Beyond the gate, the mine entrance was shaped like a hangar, about twenty feet high (6 m) and fifty across (15 m). The tunnel itself was wide enough for two ore cars to pass each other on parallel tracks, plus a catwalk along both walls. The air was chilly and damp. Fifteen or so yards in (14 m), a section of ceiling was braced with treated timbers. Beehymer shined his flashlight along it.
“There’s only a few spots that need cribbing on account of loose rock. This mountain is basalt, Chististone limestone, and Triassic Nikolai Greenstone, so the tunnels hold up pretty well on their own.”
Beehymer played his light along bare copper wires hanging from the ceiling. “I wired the place for power. We passed by the generator on our way in, but it looks pretty shot.” He wet his index finger with spit and raised it over his head. “Feel that breeze?
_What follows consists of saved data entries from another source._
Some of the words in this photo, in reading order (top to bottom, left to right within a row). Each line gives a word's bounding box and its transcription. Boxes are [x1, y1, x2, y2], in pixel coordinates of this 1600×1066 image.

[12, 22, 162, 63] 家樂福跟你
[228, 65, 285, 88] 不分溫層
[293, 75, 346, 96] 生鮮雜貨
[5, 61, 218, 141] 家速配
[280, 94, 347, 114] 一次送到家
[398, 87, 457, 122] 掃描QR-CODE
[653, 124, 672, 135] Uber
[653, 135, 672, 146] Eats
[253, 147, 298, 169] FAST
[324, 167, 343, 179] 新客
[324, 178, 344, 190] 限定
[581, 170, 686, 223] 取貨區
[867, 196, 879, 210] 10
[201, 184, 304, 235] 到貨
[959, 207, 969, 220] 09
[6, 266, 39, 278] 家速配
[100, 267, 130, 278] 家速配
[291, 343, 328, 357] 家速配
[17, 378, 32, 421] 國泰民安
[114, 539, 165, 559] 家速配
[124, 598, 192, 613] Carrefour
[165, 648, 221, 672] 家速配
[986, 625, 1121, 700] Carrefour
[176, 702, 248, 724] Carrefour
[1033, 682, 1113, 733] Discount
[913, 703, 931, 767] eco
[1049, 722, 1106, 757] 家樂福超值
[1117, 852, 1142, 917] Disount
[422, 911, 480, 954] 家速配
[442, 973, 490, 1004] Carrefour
There’s ventilation shafts throughout the levels and a main air shaft that goes all the way through to the other side high on the mountain. Air flows through here continuously by convection, so I never had to worry about foul air.”
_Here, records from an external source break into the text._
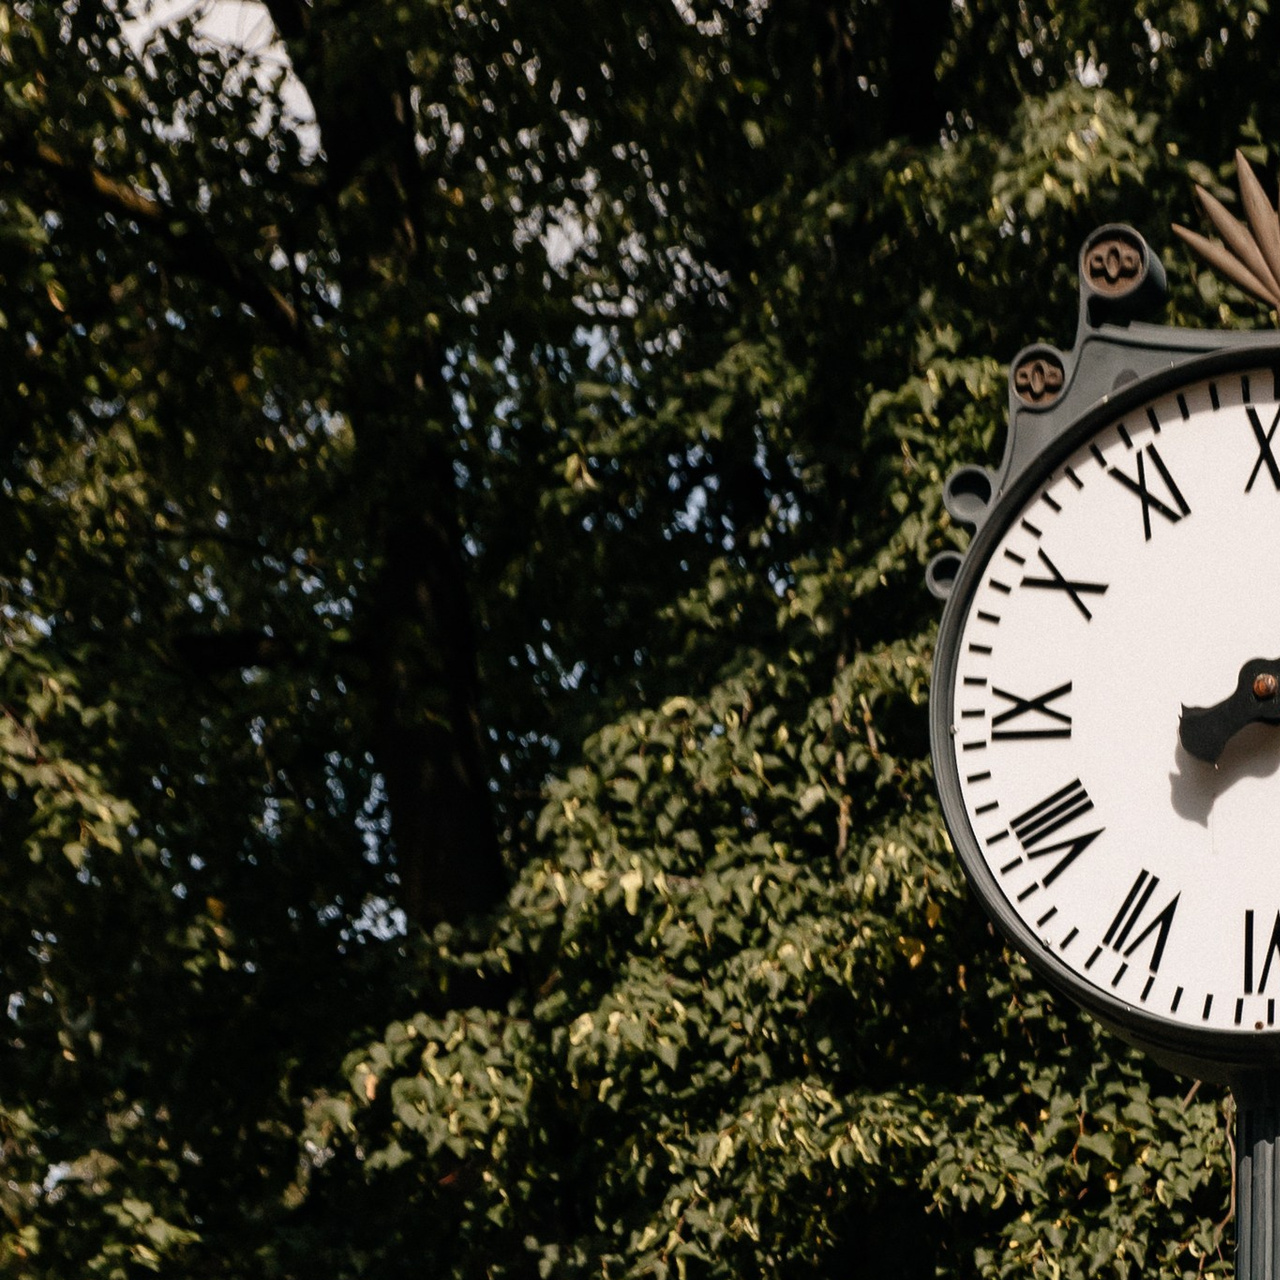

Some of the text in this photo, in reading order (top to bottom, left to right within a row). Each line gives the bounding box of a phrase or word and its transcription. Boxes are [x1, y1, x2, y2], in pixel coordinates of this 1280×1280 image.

[1107, 442, 1192, 542] XI
[1019, 547, 1109, 622] X
[991, 681, 1073, 742] IX
[1009, 778, 1106, 889] VIII
[1102, 868, 1182, 974] VII
An alcove on the left opened to a large, warehouse-sized chamber carved out of the rock. “This used to be a full machine shop when it was a copper mine. There’s still some machines that work, or worked the last time I was here, but I mostly used the room as a graveyard to park old, useless stuff.” He swept the space with the beam of his light, momentarily illuminating a clutter of steam drills, pipes, a portable boiler, compressors, a forge, and other metallic hulks of unknown purpose. “It was all coal and steam in those days.”
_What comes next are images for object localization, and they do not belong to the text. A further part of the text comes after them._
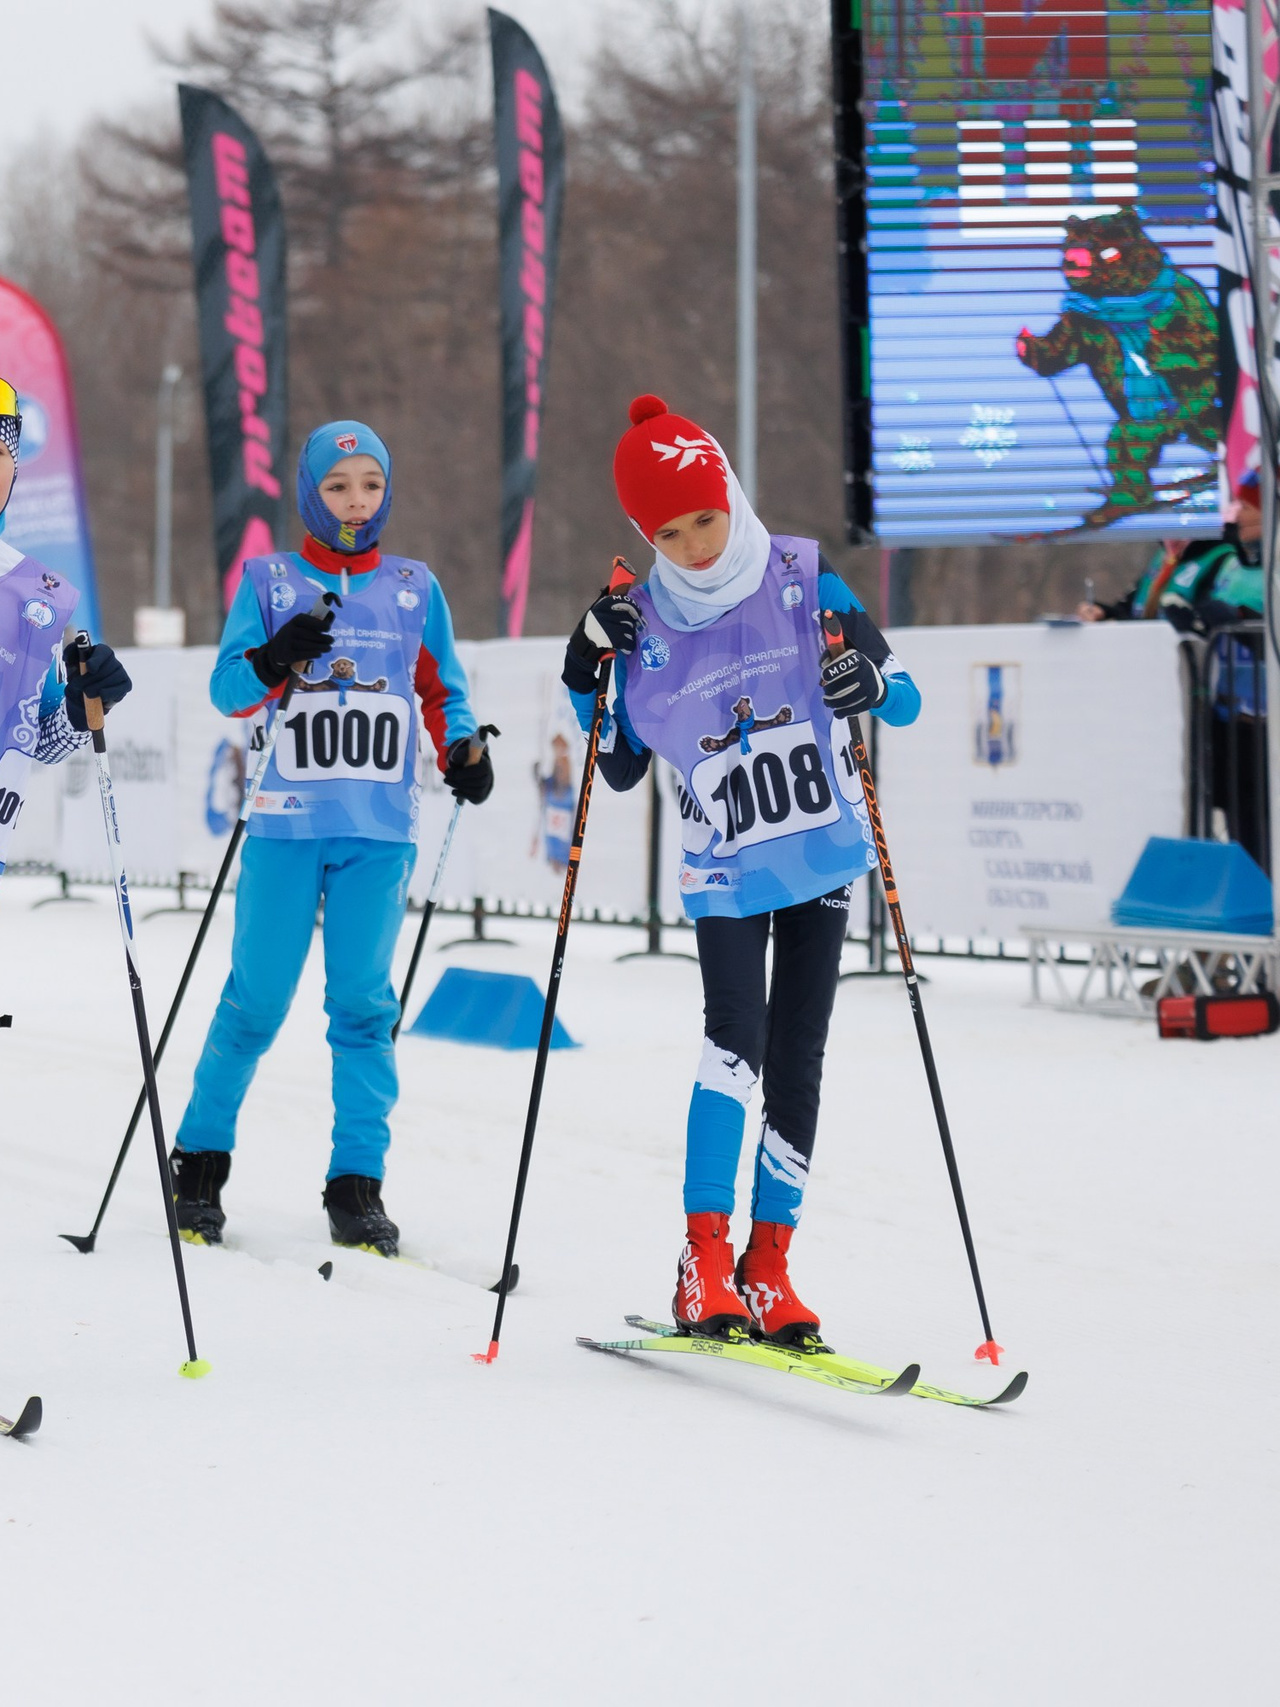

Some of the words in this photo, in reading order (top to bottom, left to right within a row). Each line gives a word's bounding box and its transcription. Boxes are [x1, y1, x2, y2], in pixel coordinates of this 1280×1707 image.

[612, 595, 640, 608] MOA
[828, 654, 860, 677] MOAX
[666, 661, 743, 706] МЕЖДУНАРОДНЫ
[285, 709, 399, 771] 1000
[710, 743, 832, 843] 1008
[690, 1339, 724, 1355] FISCHER
At a wide spot further along the tunnel, a second tunnel branched off and climbed a shallow gradient. “There’s three levels all told. We’re on the main one, which goes on for another half mile or so. Powder storage room and mess hall are that way. Up this ramp are the other levels.”
Beehymer led the way up the ramp, which doubled back in a broad curve. “Summer and winter, the air temperature stays pretty constant at thirty-eight degrees (3 C). I suppose if the government ever gets its claws on it, they’ll want to store cheese here.”
They visited a chamber on the second level that was so large that it dwarfed the machine room. It was so broad and so high that their puny flashlights couldn’t reach the walls or ceiling. “This is where they found their mother lode. After it petered out, it was pretty much all over for them.”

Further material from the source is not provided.